### TASK TO CARRY OUT
Would you return the records below character for character, without any images?

Stored data entries:
+---+

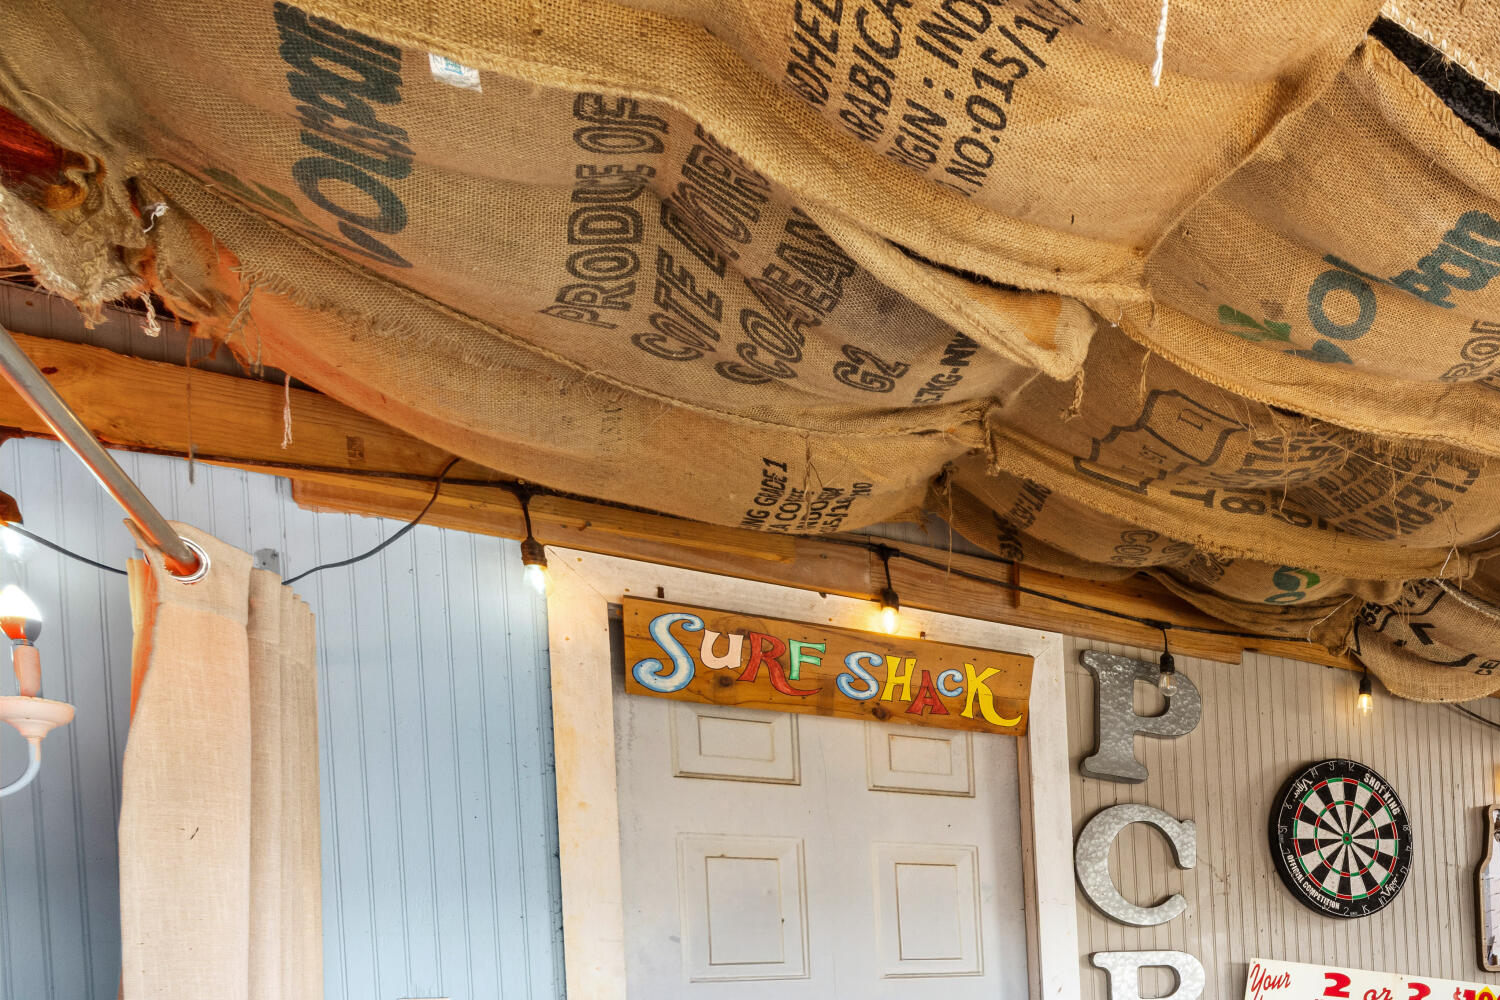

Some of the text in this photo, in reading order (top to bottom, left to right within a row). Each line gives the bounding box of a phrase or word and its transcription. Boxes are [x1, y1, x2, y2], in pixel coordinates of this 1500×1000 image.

[632, 612, 1024, 728] SURF SHACK
[1363, 773, 1401, 816] SHOT KING
[1287, 853, 1341, 910] OFFICIAL COMPETITION
[1250, 963, 1291, 1000] Your
[1323, 972, 1351, 999] 2
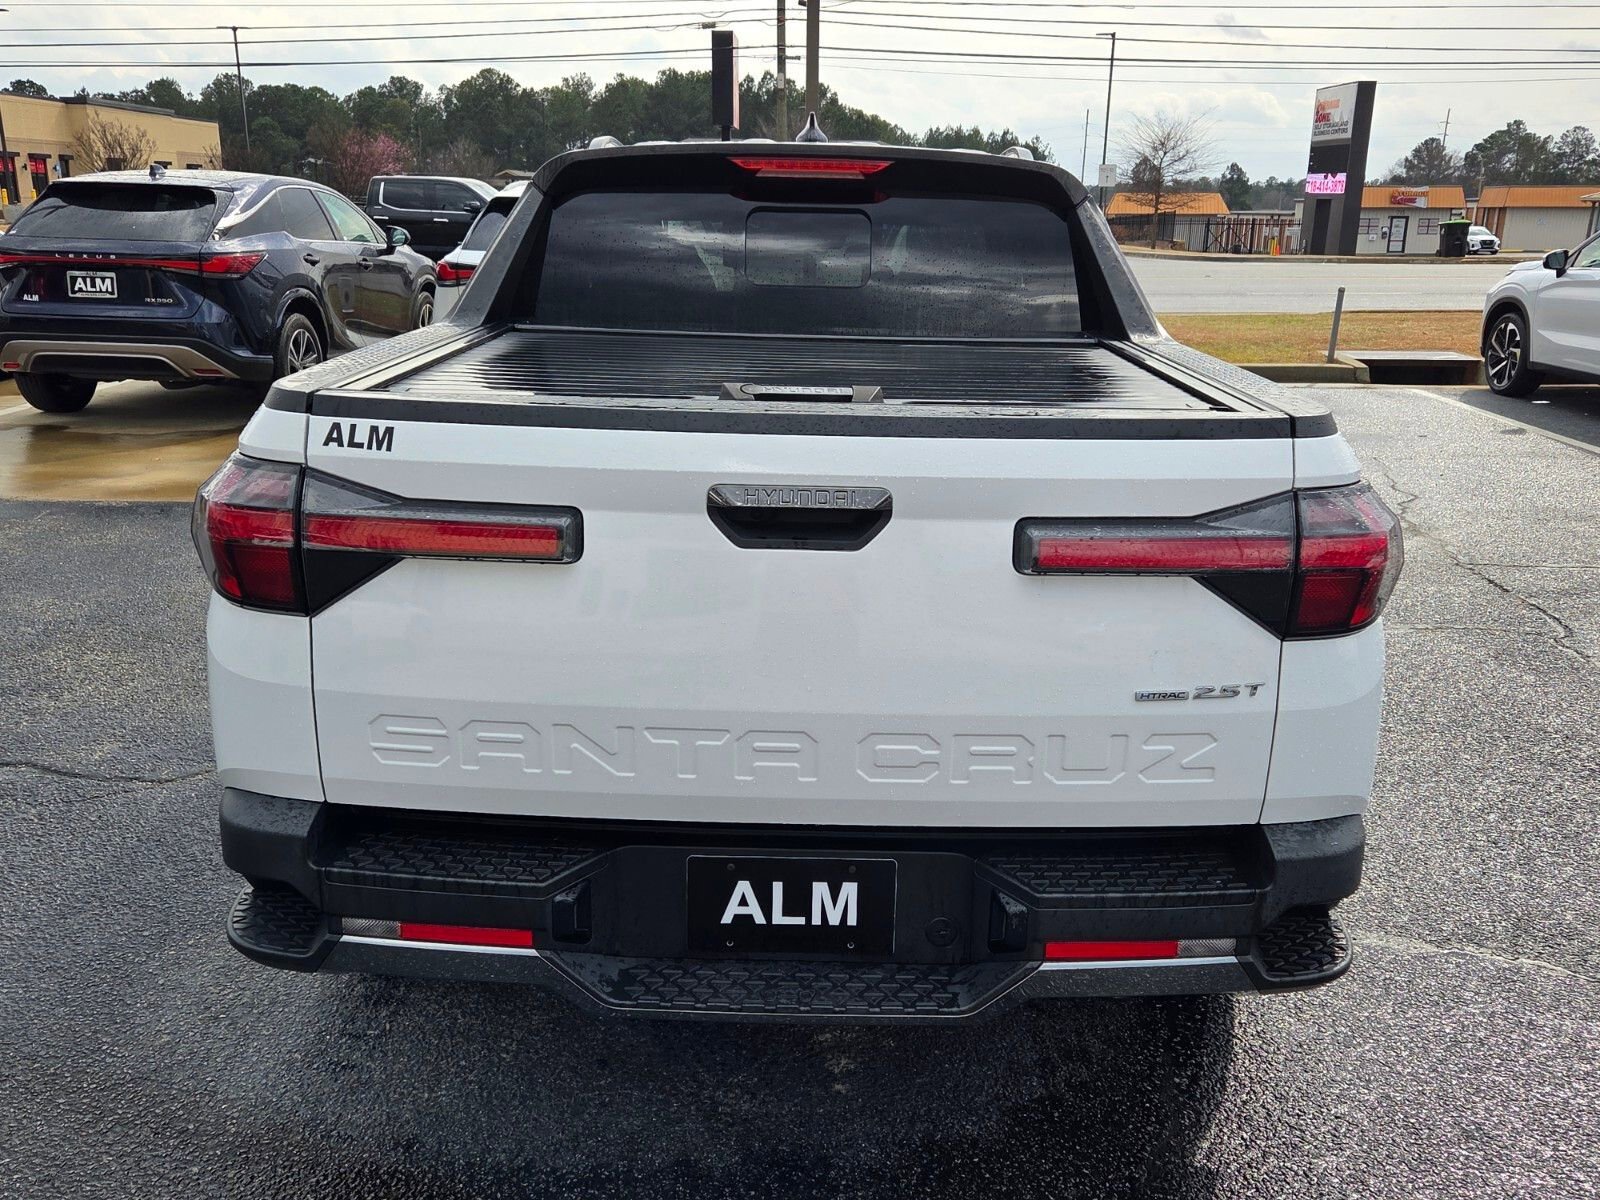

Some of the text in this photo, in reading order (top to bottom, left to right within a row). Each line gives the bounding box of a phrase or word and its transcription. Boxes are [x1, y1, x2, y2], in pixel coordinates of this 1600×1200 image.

[74, 277, 112, 292] ALM
[322, 421, 395, 453] ALM
[744, 488, 856, 507] HYUNDAI
[1140, 691, 1186, 700] HTRAC
[368, 713, 1219, 785] SANTA CRUZ
[720, 880, 859, 927] ALM

+---+

### FINISHED TASK
Some of the text in this photo, in reading order (top to bottom, left to right within a row). Each line gives the bounding box of a phrase or word and its transcription. Boxes are [x1, y1, x2, y2], in pixel coordinates of this 1500×1000 image.

[632, 612, 1024, 728] SURF SHACK
[1363, 773, 1401, 816] SHOT KING
[1287, 853, 1341, 910] OFFICIAL COMPETITION
[1250, 963, 1291, 1000] Your
[1323, 972, 1351, 999] 2

Some of the text in this photo, in reading order (top to bottom, left to right within a row). Each line gives the bounding box of a phrase or word and its transcription. Boxes are [x1, y1, x2, y2], in pixel coordinates of this 1600×1200 image.

[74, 277, 112, 292] ALM
[322, 421, 395, 453] ALM
[744, 488, 856, 507] HYUNDAI
[1140, 691, 1186, 700] HTRAC
[368, 713, 1219, 785] SANTA CRUZ
[720, 880, 859, 927] ALM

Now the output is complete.